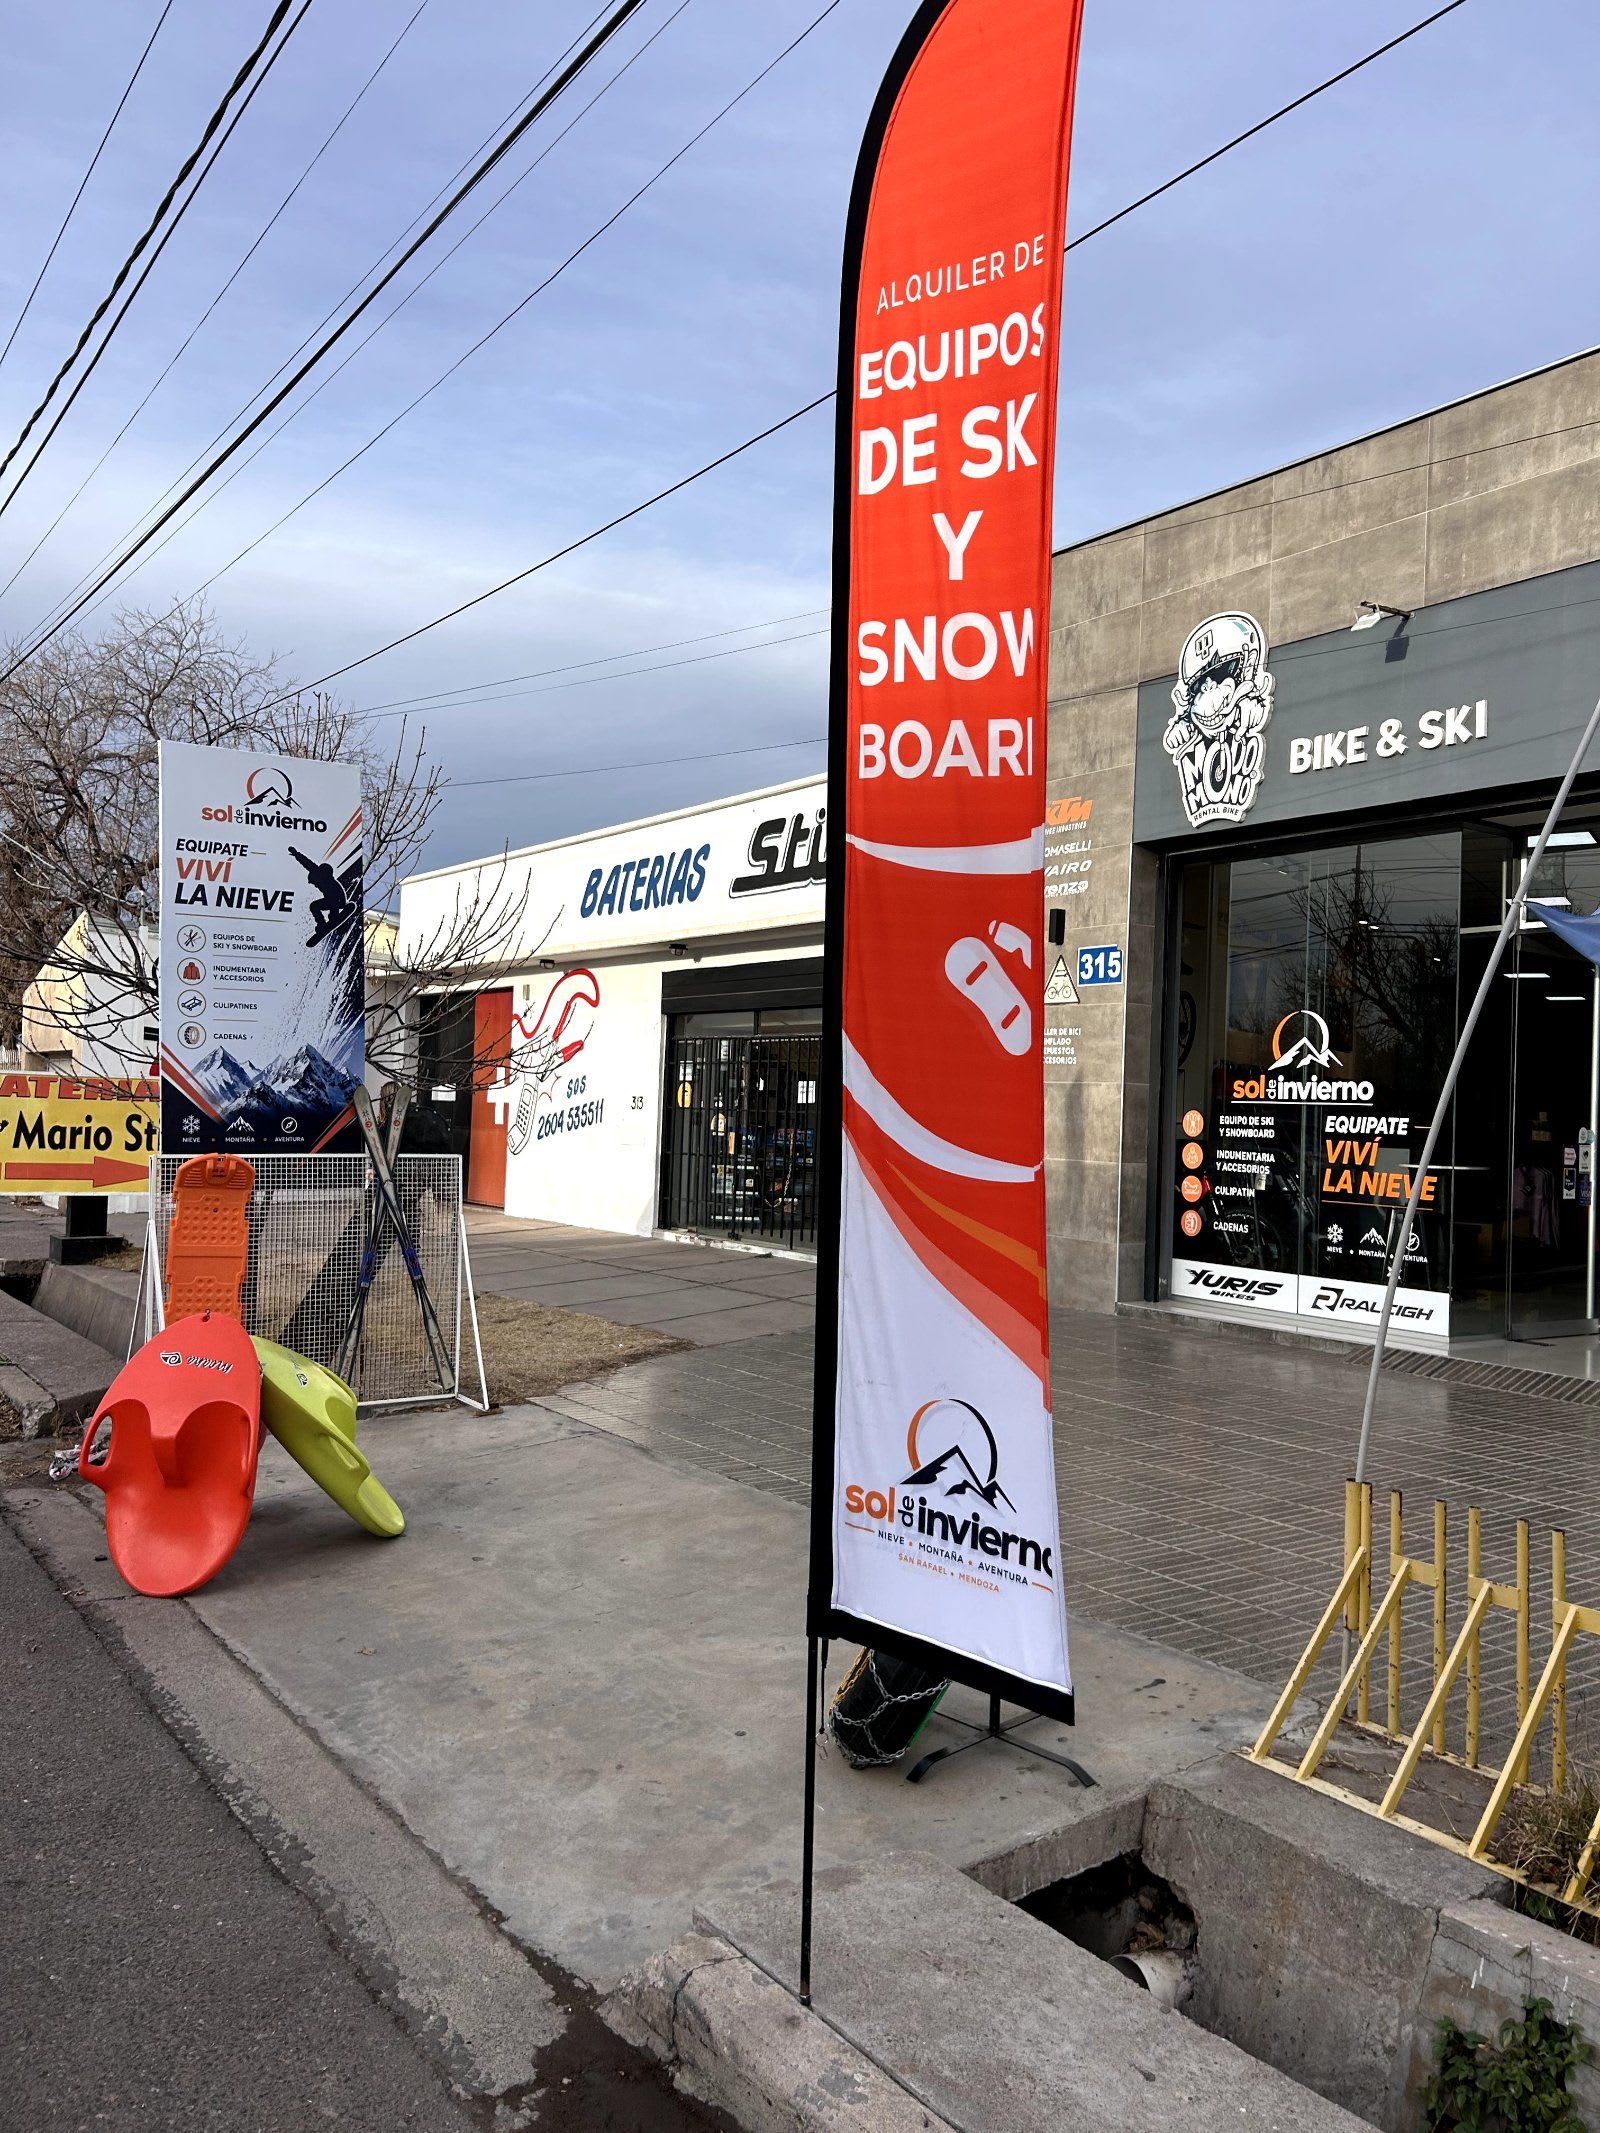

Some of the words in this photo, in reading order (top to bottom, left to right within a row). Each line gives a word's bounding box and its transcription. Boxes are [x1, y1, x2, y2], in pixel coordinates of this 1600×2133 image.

[876, 250, 1005, 315] ALQUILER
[1014, 233, 1045, 273] DE
[859, 302, 1045, 400] EQUIPOS
[858, 413, 938, 495] DE
[960, 392, 1038, 479] SK
[932, 510, 984, 581] Y
[858, 717, 1033, 780] BOAR
[1289, 725, 1370, 774] BIKE
[1375, 718, 1409, 758] &
[1418, 699, 1488, 750] SKI
[201, 805, 233, 823] sol
[234, 809, 244, 824] de
[245, 807, 328, 833] invierno
[1193, 807, 1221, 822] RENTAL
[1222, 806, 1240, 816] BIKE
[175, 838, 249, 857] EQUIPATE
[1044, 839, 1092, 858] OMASELLI
[176, 857, 234, 883] VIVÍ
[580, 843, 711, 918] BATERIAS
[174, 882, 208, 907] LA
[215, 885, 295, 912] NIEVE
[213, 933, 245, 942] EQUIPOS
[213, 942, 224, 950] SKI
[232, 943, 278, 952] SNOWBOARD
[213, 965, 266, 974] INDUMENTARIA
[1080, 951, 1121, 980] 315
[219, 974, 265, 983] ACCESORIOS
[213, 1002, 258, 1010] CULIPATINES
[213, 1032, 248, 1040] CADENAS
[1044, 1047, 1077, 1055] EPUESTOS
[566, 1075, 587, 1099] SOS
[1233, 1074, 1266, 1099] sol
[1266, 1079, 1277, 1099] de
[1277, 1074, 1375, 1101] invierno
[12, 1110, 113, 1151] Mario
[1219, 1115, 1248, 1126] EQUIPO
[1249, 1116, 1260, 1126] DE
[1261, 1116, 1275, 1126] SKI
[1325, 1115, 1410, 1136] EQUIPATE
[1219, 1128, 1225, 1137] Y
[1225, 1128, 1275, 1138] SNOWBOARD
[1216, 1149, 1276, 1163] INDUMENTARIA
[1325, 1136, 1383, 1167] VIVÍ
[1216, 1162, 1222, 1171] Y
[1222, 1162, 1270, 1174] ACCESORIOS
[1214, 1185, 1255, 1198] CULIPATIN
[1322, 1168, 1353, 1194] LA
[1213, 1221, 1249, 1234] CADENAS
[1326, 1246, 1343, 1254] NIEVE
[1185, 1268, 1284, 1296] YURIS
[1209, 1289, 1257, 1301] BIKES
[845, 1484, 896, 1523] sol
[898, 1495, 915, 1528] de
[878, 1529, 905, 1545] NIEVE
[918, 1542, 964, 1565] MONTAÑA
[977, 1561, 1029, 1586] AVENTURA
[898, 1553, 916, 1566] SAN
[916, 1556, 948, 1576] RAFAEL
[958, 1572, 1000, 1593] MENDOZA

□ □ □ □ □ □ □

# [WORK INSTRUCTIONS]
Locate the word "EQUIPOS" in the records and collect each line it appears in.

# [RESPONSE]
[859, 302, 1045, 400] EQUIPOS
[213, 933, 245, 942] EQUIPOS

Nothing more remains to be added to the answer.